Hello everyone! It's been a while since I posted anything beyond the odd comment here or there, so I thought I'd get back into the habit of extending my two cents into FanPosts all of their own. I know that "rosterbating" is now expressly forbidden here, but I don't believe this particular piece falls exactly into that category. While there may be some editorializing on my part about impending roster moves, the weight of this post will be the simple consolidation of information regarding our payroll in 2010 as it may pertain to potential trades, signings and promotions. I've done my best to cull the "Internets" for the correct contract information (a special thanks Cot's Baseball Contracts!) but I'm fully prepared to be wrong, so feel free to point out any mistakes of that nature in the comments. And so, without further ado, please follow me below the fold.
Is our highest paid player hiding his cash in his jersey on the mound?
The Braves currently have eight players already under contract for the 2010 season. They are: catcher Brian McCann ($5.5M), third baseman Chipper Jones ($13M), outfielder Nate McLouth ($4.5M), back-up catcher David Ross ($1.6M), utility man Omar Infante ($2.225M), plus starting pitchers Derek Lowe ($15M) , Javier Vazquez ($11.5M) and Kenshin Kawakami ($6.667M). These guys are slated to receive nearly $60M for their efforts next year, an increase of nearly $6.1M over what they'll make in 2009. At very least, each of them is worth the salaries they'll get.
Wouldn't it be nice to see this again all season long in 2010... but can we afford it?

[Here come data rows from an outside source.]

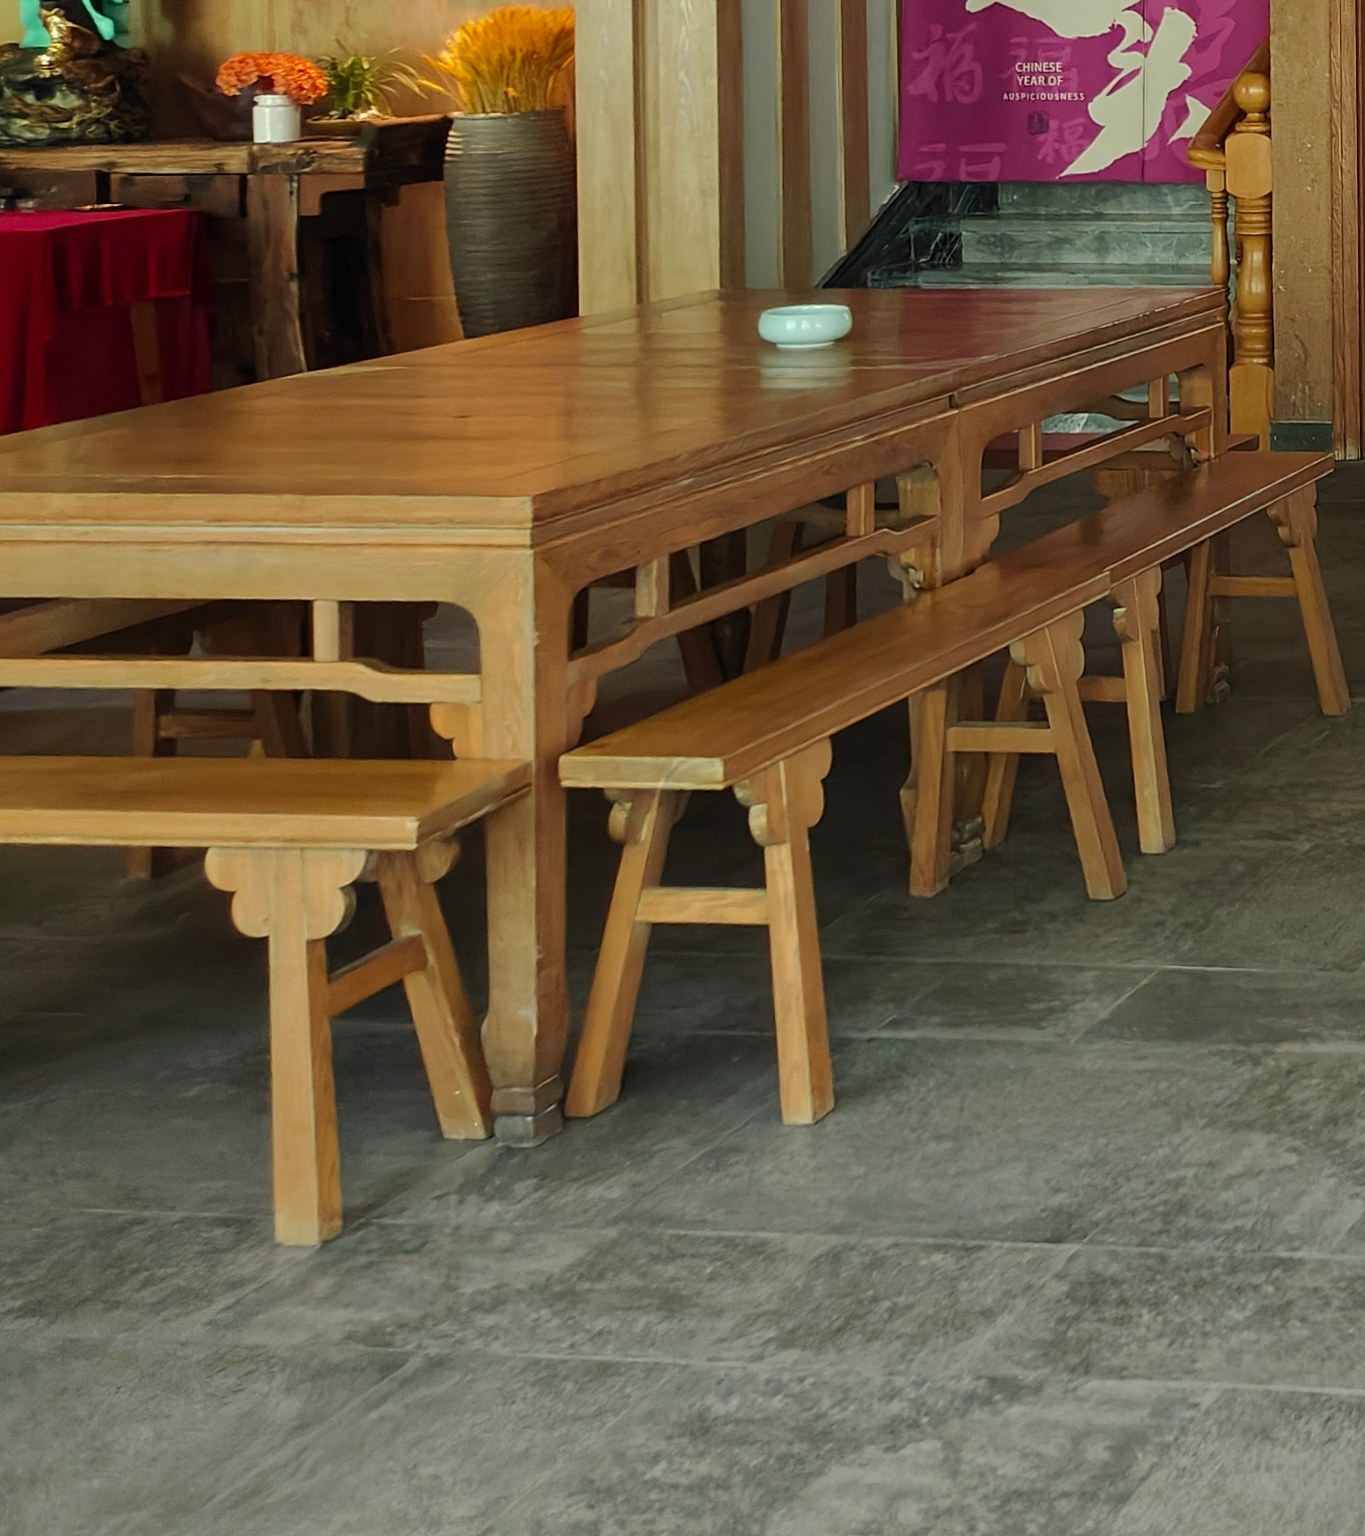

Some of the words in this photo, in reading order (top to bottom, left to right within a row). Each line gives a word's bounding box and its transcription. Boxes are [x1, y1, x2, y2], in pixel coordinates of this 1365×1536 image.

[1015, 61, 1063, 73] CHINESE
[1017, 75, 1046, 86] YEAR
[1047, 75, 1063, 86] OF
[1002, 92, 1085, 101] AUSPICIOUSNESS
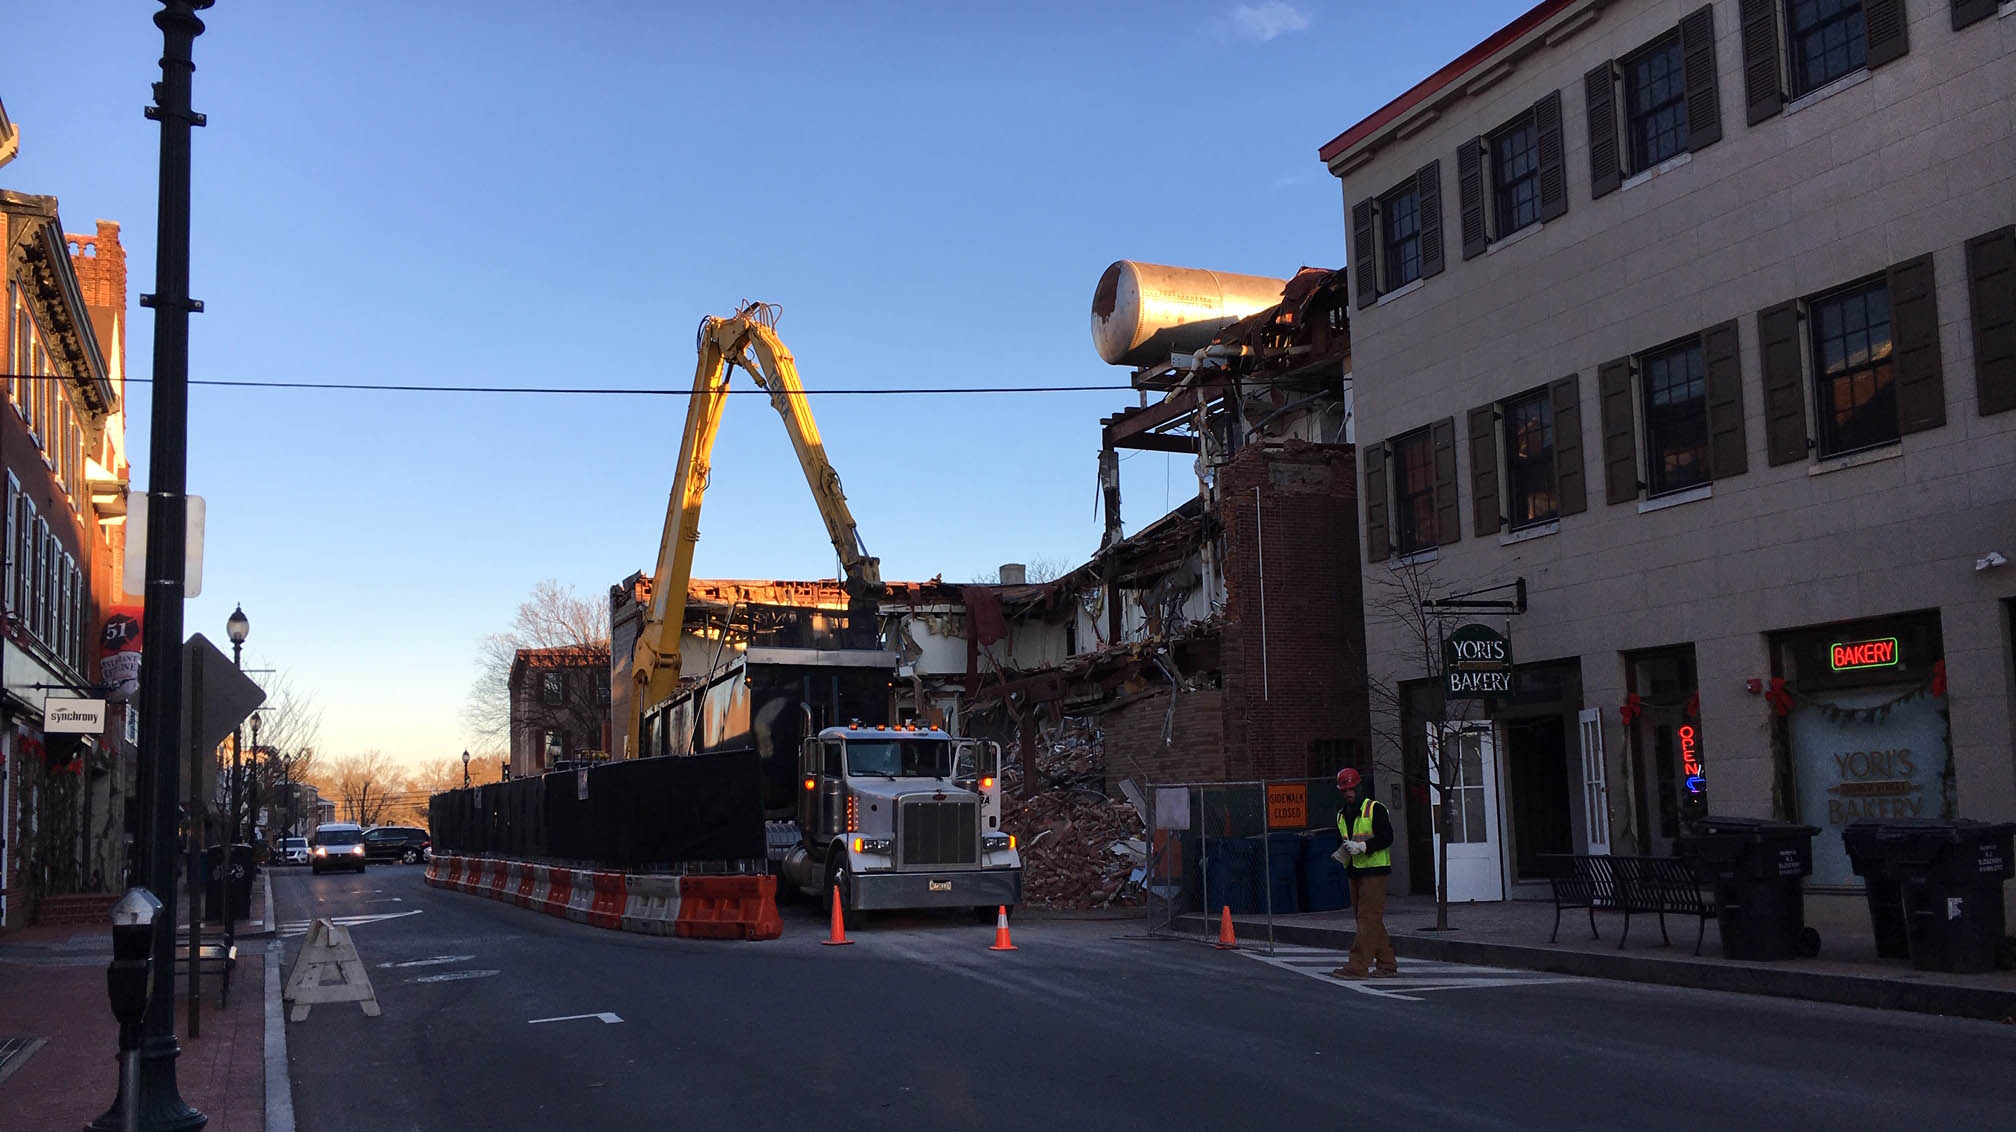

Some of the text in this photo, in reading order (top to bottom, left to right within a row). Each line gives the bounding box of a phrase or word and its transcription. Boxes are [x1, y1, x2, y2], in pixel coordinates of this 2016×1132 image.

[106, 623, 126, 640] 51
[1452, 640, 1504, 659] YORI'S
[1835, 641, 1893, 667] BAKERY
[1450, 672, 1511, 691] BAKERY
[50, 711, 98, 724] synchrony
[1679, 725, 1698, 775] OPEN
[1832, 748, 1914, 778] YORI'S
[1270, 792, 1305, 804] SIDEWALK
[1274, 807, 1301, 818] CLOSED

Atlanta has but one contract option decision to make, but it's a huge one. Starting pitcher Tim Hudson - coming off of greaet work in 2007-08, "Tommy John" surgery this past offseason and presumably a little action later this season - could remain a Brave for an additional year at the fair price of $12M or be sent on his way at the cost of his $1M buyout. In other words, for the mere net cost of $11M for a single season's commitment, the Braves could have their previous ace back in their uniform for 2010. On the other hand, there is a bit of a logjam in the rotation already, glaring voids elsewhere in the roster and times are tough economically. Nevertheless, the old adage is that you can never have too much [good] pitching and he can definitely add to the stable in Atlanta if he's healthy and right. Just for context, he was under contract for $13M in 2009, an undisclosed (?) percentage of which has been presumably picked up by insurance.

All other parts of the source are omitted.